Compartilhar via

Obter tokens de ID do Microsoft Entra para usuários usando a CLI do Azure

  • Artigo

Importante

Este artigo descreve como criar manualmente tokens de ID do Microsoft Entra para usuários usando a CLI do Azure.

O Databricks não recomenda que você crie tokens de ID do Microsoft Entra para usuários do Azure Databricks manualmente. Isso ocorre porque cada token da ID do Microsoft Entra é de curta duração, normalmente expirando em uma hora. Após esse tempo, você deve gerar manualmente um token de ID do Microsoft Entra substituto. Em vez disso, use uma das ferramentas ou SDKs participantes que implementam o padrão de autenticação unificada do cliente Databricks. Essas ferramentas e SDKs geram e substituem automaticamente os tokens expirados do Microsoft Entra ID, aproveitando os seguintes tipos de autenticação da CLI do Azure.

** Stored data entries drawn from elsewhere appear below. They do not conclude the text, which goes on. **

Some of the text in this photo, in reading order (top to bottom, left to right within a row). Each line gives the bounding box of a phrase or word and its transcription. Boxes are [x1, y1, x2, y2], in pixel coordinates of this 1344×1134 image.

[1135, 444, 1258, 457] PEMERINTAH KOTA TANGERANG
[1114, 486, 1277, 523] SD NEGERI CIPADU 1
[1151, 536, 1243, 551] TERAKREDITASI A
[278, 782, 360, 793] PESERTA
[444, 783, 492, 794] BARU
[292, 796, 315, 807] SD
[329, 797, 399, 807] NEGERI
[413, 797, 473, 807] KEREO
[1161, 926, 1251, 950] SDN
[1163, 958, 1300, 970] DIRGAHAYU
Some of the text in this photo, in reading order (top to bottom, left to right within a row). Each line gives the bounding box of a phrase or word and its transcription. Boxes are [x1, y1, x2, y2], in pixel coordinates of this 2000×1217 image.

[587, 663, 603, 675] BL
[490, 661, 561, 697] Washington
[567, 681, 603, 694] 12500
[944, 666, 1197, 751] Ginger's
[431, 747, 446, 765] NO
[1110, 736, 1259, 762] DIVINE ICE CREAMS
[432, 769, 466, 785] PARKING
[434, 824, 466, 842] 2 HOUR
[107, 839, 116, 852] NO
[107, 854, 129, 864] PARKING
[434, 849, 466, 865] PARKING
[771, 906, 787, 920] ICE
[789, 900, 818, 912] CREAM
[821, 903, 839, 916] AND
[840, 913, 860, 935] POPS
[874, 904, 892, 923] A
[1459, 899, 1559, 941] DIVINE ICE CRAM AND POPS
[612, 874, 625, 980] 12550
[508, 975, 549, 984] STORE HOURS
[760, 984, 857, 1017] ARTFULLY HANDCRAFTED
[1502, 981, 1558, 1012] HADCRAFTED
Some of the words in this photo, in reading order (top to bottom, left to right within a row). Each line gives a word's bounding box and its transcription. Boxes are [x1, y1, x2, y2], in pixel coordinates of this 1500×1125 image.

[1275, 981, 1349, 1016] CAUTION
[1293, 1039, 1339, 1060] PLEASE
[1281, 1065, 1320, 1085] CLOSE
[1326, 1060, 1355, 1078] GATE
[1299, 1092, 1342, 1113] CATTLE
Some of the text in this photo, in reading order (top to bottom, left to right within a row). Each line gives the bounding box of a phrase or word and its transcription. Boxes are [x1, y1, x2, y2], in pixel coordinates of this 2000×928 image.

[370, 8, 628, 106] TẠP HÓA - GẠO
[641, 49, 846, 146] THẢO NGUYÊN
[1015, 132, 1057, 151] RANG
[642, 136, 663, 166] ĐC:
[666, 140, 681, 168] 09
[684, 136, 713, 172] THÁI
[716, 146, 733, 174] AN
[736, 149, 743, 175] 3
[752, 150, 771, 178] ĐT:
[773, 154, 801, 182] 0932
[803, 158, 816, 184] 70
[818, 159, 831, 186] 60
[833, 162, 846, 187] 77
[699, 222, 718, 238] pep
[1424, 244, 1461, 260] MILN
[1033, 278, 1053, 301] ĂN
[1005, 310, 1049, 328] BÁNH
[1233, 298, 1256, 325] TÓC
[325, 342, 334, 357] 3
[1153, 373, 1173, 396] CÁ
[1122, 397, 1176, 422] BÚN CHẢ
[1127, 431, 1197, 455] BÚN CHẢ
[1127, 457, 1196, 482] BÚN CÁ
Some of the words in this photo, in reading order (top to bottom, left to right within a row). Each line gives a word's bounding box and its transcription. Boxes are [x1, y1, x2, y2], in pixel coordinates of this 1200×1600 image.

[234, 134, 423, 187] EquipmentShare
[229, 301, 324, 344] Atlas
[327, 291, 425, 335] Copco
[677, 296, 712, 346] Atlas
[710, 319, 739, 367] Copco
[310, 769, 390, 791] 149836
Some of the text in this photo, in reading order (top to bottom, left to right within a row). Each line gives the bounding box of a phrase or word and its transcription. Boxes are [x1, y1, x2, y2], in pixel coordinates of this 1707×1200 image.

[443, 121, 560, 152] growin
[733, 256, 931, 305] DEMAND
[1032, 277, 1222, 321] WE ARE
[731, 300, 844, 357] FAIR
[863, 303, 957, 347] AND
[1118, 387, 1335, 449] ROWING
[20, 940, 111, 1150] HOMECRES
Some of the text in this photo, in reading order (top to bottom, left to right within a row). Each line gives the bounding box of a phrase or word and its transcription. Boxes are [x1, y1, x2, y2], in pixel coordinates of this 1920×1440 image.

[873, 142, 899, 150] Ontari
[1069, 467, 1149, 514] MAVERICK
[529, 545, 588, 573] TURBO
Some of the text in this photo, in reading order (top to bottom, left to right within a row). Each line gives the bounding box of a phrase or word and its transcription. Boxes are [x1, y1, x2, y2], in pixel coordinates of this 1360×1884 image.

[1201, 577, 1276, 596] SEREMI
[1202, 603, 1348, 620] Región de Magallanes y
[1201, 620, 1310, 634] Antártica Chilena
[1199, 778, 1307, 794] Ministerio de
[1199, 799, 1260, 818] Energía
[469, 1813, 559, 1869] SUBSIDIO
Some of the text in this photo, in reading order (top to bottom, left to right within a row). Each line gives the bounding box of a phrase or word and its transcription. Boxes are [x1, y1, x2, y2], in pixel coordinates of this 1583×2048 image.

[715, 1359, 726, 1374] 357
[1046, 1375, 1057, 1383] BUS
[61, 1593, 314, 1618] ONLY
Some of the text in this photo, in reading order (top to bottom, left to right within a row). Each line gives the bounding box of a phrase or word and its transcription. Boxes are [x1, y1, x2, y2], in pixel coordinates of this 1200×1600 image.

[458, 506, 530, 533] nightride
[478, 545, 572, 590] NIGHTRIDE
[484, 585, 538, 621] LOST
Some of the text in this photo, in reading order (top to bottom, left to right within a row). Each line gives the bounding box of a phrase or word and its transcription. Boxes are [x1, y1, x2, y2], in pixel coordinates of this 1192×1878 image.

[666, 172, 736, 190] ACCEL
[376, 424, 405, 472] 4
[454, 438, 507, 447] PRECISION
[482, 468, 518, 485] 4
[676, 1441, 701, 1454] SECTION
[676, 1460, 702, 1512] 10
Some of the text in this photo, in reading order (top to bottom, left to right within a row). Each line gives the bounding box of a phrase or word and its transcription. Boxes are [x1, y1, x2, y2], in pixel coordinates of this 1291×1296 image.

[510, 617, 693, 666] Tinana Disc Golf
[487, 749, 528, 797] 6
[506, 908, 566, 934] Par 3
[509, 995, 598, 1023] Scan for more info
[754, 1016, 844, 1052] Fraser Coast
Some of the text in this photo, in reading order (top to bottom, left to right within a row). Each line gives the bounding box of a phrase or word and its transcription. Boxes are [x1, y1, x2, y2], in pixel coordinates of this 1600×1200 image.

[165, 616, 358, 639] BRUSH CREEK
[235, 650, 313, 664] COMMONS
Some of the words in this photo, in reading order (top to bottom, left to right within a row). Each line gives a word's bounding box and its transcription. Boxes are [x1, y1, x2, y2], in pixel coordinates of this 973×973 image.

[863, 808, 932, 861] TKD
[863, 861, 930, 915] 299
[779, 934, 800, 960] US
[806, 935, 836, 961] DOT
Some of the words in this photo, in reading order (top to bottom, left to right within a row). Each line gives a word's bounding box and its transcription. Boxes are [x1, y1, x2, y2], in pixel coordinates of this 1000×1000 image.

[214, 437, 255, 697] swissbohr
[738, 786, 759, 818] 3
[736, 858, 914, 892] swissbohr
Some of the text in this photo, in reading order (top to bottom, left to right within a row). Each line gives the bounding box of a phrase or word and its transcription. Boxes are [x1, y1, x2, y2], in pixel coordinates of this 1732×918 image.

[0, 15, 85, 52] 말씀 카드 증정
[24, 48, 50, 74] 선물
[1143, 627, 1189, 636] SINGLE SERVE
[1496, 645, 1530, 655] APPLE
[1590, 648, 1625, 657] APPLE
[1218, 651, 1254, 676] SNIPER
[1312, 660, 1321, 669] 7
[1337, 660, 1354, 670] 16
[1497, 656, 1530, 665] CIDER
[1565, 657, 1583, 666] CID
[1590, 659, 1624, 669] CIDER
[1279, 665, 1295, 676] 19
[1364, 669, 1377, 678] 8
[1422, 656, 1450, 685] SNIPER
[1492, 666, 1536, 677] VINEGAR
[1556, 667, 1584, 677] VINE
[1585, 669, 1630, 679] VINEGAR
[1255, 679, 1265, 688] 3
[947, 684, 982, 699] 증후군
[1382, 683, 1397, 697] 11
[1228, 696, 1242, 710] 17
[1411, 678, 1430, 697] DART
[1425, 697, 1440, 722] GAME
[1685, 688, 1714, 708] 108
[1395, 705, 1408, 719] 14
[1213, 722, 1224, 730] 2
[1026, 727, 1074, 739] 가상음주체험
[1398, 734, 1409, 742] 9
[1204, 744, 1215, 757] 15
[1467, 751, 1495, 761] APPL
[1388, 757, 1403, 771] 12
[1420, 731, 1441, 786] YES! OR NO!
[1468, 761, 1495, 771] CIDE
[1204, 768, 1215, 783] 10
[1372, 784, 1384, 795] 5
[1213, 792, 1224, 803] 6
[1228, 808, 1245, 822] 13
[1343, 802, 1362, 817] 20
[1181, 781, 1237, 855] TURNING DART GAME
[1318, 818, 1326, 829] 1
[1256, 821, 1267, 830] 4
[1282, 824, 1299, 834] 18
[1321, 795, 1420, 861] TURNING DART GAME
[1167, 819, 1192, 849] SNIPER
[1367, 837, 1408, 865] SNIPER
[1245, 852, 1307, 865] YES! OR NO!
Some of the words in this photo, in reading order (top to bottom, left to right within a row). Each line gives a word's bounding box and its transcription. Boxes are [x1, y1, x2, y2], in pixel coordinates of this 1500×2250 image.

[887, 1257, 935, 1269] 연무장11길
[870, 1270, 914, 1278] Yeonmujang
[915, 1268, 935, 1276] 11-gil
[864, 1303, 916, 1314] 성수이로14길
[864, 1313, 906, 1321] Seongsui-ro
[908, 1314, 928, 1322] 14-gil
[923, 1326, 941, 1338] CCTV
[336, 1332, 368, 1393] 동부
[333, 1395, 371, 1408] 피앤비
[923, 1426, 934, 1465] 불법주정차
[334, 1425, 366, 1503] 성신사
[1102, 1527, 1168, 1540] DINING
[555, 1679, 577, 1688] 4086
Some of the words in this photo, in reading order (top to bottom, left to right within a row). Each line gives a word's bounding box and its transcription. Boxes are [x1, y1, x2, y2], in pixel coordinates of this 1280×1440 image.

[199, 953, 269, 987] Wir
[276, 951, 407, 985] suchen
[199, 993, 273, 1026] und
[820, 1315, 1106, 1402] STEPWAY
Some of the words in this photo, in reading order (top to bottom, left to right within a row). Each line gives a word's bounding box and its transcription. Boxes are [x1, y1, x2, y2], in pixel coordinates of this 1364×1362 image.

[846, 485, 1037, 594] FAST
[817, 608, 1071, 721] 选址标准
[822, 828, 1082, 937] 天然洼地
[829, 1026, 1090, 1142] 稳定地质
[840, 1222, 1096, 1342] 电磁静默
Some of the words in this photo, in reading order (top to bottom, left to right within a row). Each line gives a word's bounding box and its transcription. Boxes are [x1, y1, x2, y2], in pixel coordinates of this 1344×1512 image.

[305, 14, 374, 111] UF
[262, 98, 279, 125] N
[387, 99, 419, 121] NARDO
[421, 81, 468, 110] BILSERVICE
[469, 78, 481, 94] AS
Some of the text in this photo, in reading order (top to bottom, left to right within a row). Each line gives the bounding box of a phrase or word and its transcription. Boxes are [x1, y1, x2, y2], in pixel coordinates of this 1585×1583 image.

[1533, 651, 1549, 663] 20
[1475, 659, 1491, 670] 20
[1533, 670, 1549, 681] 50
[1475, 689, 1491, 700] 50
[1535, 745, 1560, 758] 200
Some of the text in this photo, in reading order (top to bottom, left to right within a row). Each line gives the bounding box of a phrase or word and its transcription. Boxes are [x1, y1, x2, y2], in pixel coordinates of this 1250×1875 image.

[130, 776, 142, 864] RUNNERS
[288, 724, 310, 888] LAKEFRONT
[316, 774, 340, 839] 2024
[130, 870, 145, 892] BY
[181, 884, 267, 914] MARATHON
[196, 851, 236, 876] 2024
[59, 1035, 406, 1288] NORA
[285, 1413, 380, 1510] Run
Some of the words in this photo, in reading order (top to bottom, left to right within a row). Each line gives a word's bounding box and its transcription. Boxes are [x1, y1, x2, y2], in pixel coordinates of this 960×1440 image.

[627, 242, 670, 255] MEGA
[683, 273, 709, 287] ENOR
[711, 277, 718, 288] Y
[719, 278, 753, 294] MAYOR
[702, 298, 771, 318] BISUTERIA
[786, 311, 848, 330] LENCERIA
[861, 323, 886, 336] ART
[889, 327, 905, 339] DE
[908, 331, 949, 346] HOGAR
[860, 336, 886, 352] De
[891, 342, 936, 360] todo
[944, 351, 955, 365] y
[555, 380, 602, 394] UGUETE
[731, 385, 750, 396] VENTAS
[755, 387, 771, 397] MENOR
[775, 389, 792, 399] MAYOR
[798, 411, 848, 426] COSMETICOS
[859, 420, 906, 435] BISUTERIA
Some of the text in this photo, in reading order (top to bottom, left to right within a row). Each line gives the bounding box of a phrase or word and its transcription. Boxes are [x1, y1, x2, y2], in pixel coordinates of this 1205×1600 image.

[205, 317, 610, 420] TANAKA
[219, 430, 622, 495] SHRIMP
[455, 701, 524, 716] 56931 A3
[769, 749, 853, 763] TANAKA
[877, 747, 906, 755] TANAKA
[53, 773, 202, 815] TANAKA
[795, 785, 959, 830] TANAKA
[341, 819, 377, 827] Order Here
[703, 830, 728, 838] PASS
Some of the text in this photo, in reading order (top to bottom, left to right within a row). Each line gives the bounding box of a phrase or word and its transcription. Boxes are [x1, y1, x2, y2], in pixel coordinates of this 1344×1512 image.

Você pode usar o Azure CLI para obter tokens de acesso do Microsoft Entra ID para usuários.

Nota

Você também pode definir uma entidade de serviço no Azure Active Directory e, em seguida, obter um token de acesso do Microsoft Entra ID para essa entidade de serviço, em vez de um usuário. Consulte Obter tokens do Microsoft Entra ID para entidades de serviço.

  1. Obtenha a ID de assinatura correta do Azure para sua conta de usuário, se você ainda não conhece essa ID, fazendo um dos seguintes procedimentos:

    • Na barra de navegação superior do workspace do Azure Databricks, clique em seu nome de usuário e clique em Azure Portal. Na página de recursos do espaço de trabalho do Azure Databricks exibida, clique em Visão geral na barra lateral. Em seguida, procure o campo ID da assinatura, que contém a ID da assinatura.

    • Usa a CLI do Azure para executar o comando az databricks workspace list, usando as opções --query, -o ou --output para restringir os resultados. Substitua adb-0000000000000000.0.azuredatabricks.net pelo nome da instância do espaço de trabalho, sem incluir o https://. Neste exemplo, o 00000000-0000-0000-0000-000000000000 após /subscriptions/ na saída é a ID da assinatura.

      az databricks workspace list --query "[?workspaceUrl==\`adb-0000000000000000.0.azuredatabricks.net\`].{id:id}" -o tsv

# /subscriptions/00000000-0000-0000-0000-000000000000/resourceGroups/my-rg/providers/Microsoft.Databricks/workspaces/my-ws

      Se a seguinte mensagem for exibida, você estará conectado ao locatário errado: The subscription of '<subscription-id>' doesn't exist in cloud 'AzureCloud'. Para entrar no locatário correto, execute o comando az login novamente, usando a opção -t ou --tenant para especificar a ID de locatário correta.

      Você pode obter a ID do locatário de um workspace do Azure Databricks executando o comando curl -v <per-workspace-URL>/aad/auth e examinando a saída < location: https://login.microsoftonline.com/00000000-0000-0000-0000-000000000000, em que 00000000-0000-0000-0000-000000000000 é a ID do locatário. Veja também Obter IDs de assinatura e locatário no portal do Azure.

      az login -t <tenant-id>

  2. Depois de ter a ID de assinatura correta do Azure para sua conta de usuário, comece a entrar no Azure usando o CLI do Azure para executar o comando az login. Depois de executar esse comando, siga as instruções na tela para concluir a entrada com sua conta.

    az login

  3. Confirme se você está conectado à assinatura correta para o usuário conectado. Para fazer isso, execute o comando az account set, usando a opção -s ou --subscription para especificar a ID da assinatura correta.

    az account set -s <subscription-id>

  4. Gere seu token de acesso do Microsoft Entra ID executando o comando az account get-access-token. Use a opção --resource para especificar a ID de recurso exclusiva para o serviço do Azure Databricks, que é 2ff814a6-3304-4ab8-85cb-cd0e6f879c1d. Você pode exibir somente o valor do token de ID do Microsoft Entra na saída do comando, usando as opções --query e -o, ou --output.

    az account get-access-token \
--resource 2ff814a6-3304-4ab8-85cb-cd0e6f879c1d \
--query "accessToken" \
-o tsv

Nota

A CLI do Azure baseada em MSAL usa a Biblioteca de Autenticação da Microsoft (MSAL) como a biblioteca de autenticação subjacente. Se você não conseguir usar com êxito o token de acesso da ID do Microsoft Entra gerado pela CLI do Azure, como alternativa, poderá tentar usar a MSAL diretamente para obter um token de acesso da ID do Microsoft Entra para um usuário. Consulte Obter tokens do Microsoft Entra ID para usuários usando a MSAL.